The young activists learned of the workers’ plight on internet messaging apps and took up their cause, with about 40 students and recent graduates going to Huizhou, a manufacturing hub of 4.8 million people in Guangdong province. Hundreds of others spoke out in support online — so many that several universities warned students not to go to Huizhou.
“I could not sit still,” Yue Xin, a recent graduate of Peking University who majored in foreign languages, said in an interview before she was detained. “I could not let myself be a mere internet commentator. I had to stand up.”
Zhang Shengye, 21, who graduated in June from Peking University with a degree in pharmacology, said he was inspired to join the protests by his family’s struggles. His father, a sailor, was laid off from a state-owned firm during a wave of privatization in the 1990s, an experience Zhang described as a “financial and emotional apocalypse.”
But it was in college that he decided to answer Marx’s call to “work for mankind,” he said. Frustrated by the low wages and poor treatment of workers on campus, he and 60 other students, calling themselves the Marxist Research Association, published a report documenting labor violations.
“We share a very simple sympathy for workers and the aspiration of a better future for communism,” he said.
In Huizhou, the young activists called each other “comrade” and wore T-shirts with images of clenched fists and the slogan, “Unity is strength.” They marched alongside workers, holding banners that declared, “Forming unions is not a crime.” They staged re-enactments of the abuse the workers said they endured at the factory.
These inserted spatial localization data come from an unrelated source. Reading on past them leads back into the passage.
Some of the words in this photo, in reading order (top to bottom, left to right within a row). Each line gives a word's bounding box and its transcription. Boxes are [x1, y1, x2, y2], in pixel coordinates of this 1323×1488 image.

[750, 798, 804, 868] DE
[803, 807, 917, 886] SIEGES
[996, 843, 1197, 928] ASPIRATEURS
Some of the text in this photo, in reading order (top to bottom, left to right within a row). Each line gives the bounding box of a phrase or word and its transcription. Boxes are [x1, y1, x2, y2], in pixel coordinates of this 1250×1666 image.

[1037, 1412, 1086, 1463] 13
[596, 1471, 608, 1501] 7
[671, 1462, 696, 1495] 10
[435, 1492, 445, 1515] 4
Though they identify as Maoists, the activists are decidedly nonviolent, unlike Maoist rebels in countries like Nepal and India who embrace violent revolution. Their philosophy also differs from China’s older Maoists, who largely focus on rooting out Western influences in Chinese society and are less confrontational toward the party.
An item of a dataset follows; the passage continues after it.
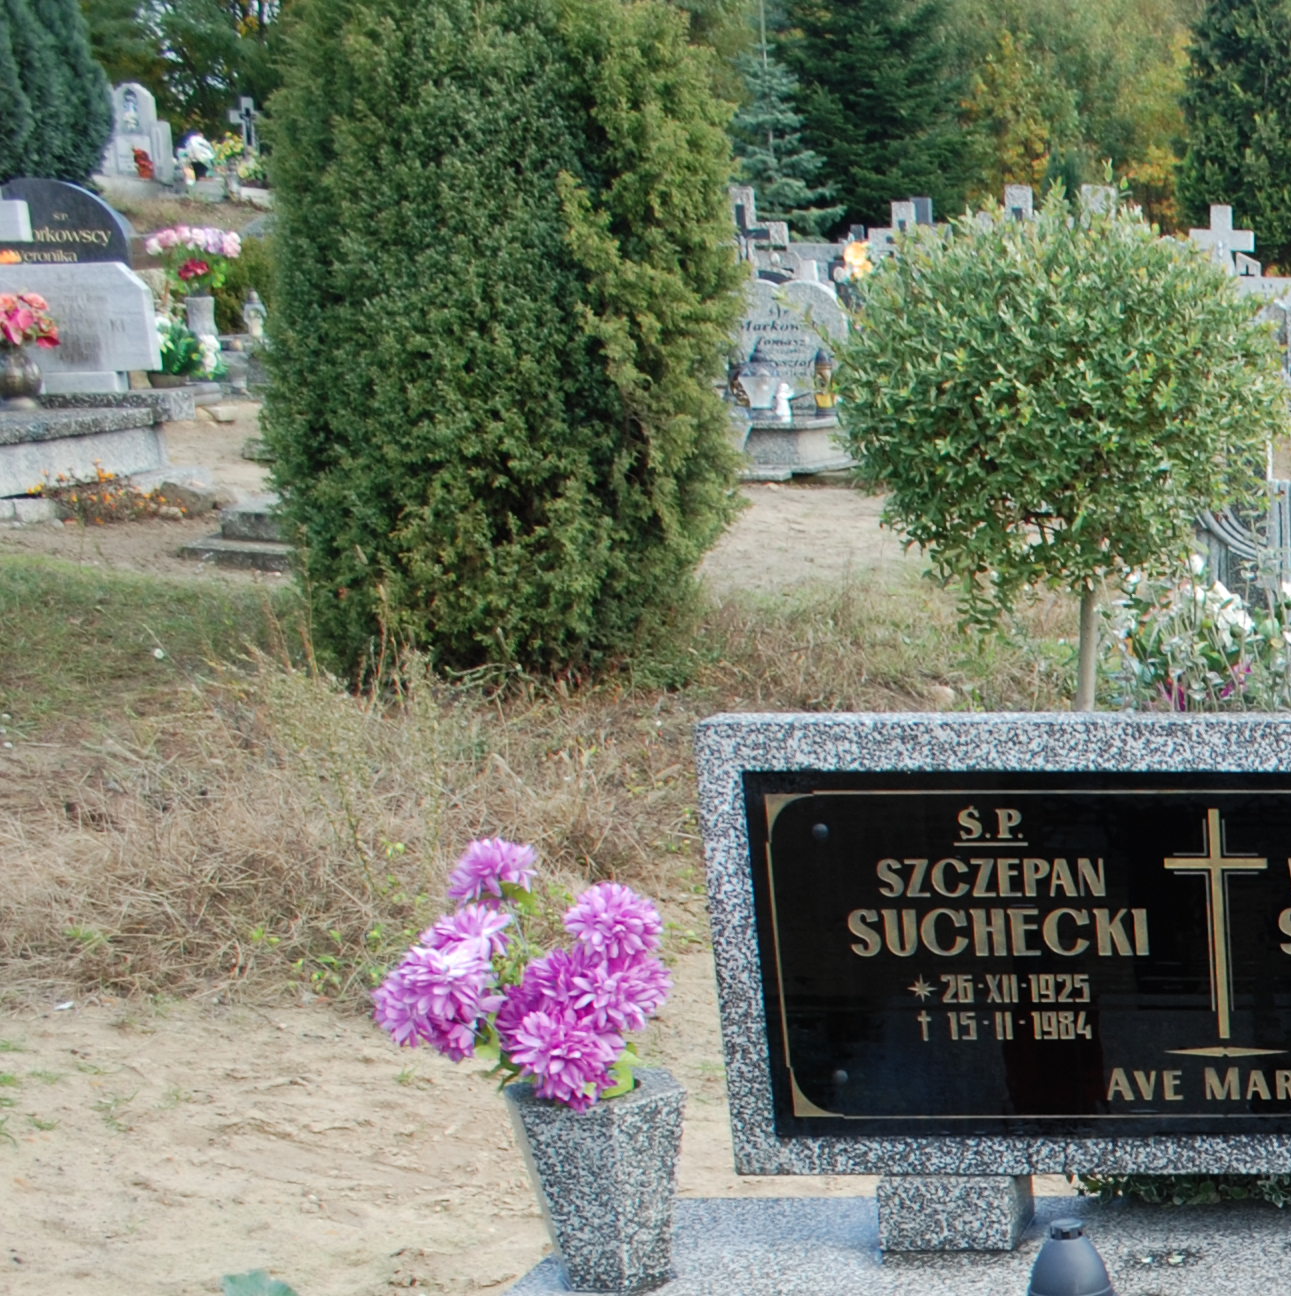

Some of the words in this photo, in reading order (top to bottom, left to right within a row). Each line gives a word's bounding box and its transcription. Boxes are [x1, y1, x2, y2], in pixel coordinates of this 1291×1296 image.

[876, 858, 1107, 898] SZCZEPAN
[846, 907, 1151, 957] SUCHECKI
[1106, 1067, 1185, 1102] AVE
The young protesters insist that they are good communists who support Xi.
Before she was detained, Yue wrote an open letter to Xi saying that she had been inspired by his fight against corruption and his time working in an impoverished village in the countryside as a young man.
She added that the campaign in Huizhou had its roots not in foreign ideas, but in the May Fourth Movement of 1919, a student-led uprising in China that the party considers a precursor to the Communist Revolution.
Yue, also a leader of China’s #MeToo movement who spoke out against sexual harassment and assault on campus, has not been heard from since police detained her during the Aug. 24 raid.
Friends are also worried about Shen Mengyu, one of the first students to call attention to the workers’ campaign. She was held by security officials at a hotel and is now under surveillance at her parents’ home, activists said.
Several workers at the equipment factory have also been formally arrested and charged with disturbing social order. Huang Lanfeng, whose husband, Yu Juncong, was among those detained, said the government was unfairly punishing workers while ignoring factory abuses.
“We will never give up,” she said. “We swear to fight the evil forces until the end.”
As the school year began, the activists vowed to press their campaign. Zhang and others staged a rally in Mao’s hometown, Shaoshan, on the 42nd anniversary of the Chinese leader’s death this month, and called on the government to release their friends. The police broke up the protest and briefly detained Zhang, who was also held and released after the Aug. 24 raid.
Zhang has circulated a petition calling on the party to punish local officials. He wrote:
“We are here because we are deeply aware that what we do is legal and just.
“We are here because we want to repay the workers with what we have learned for so many years.
“We are here because we don’t want to believe that dark forces can laugh malignantly in the world we inhabit.”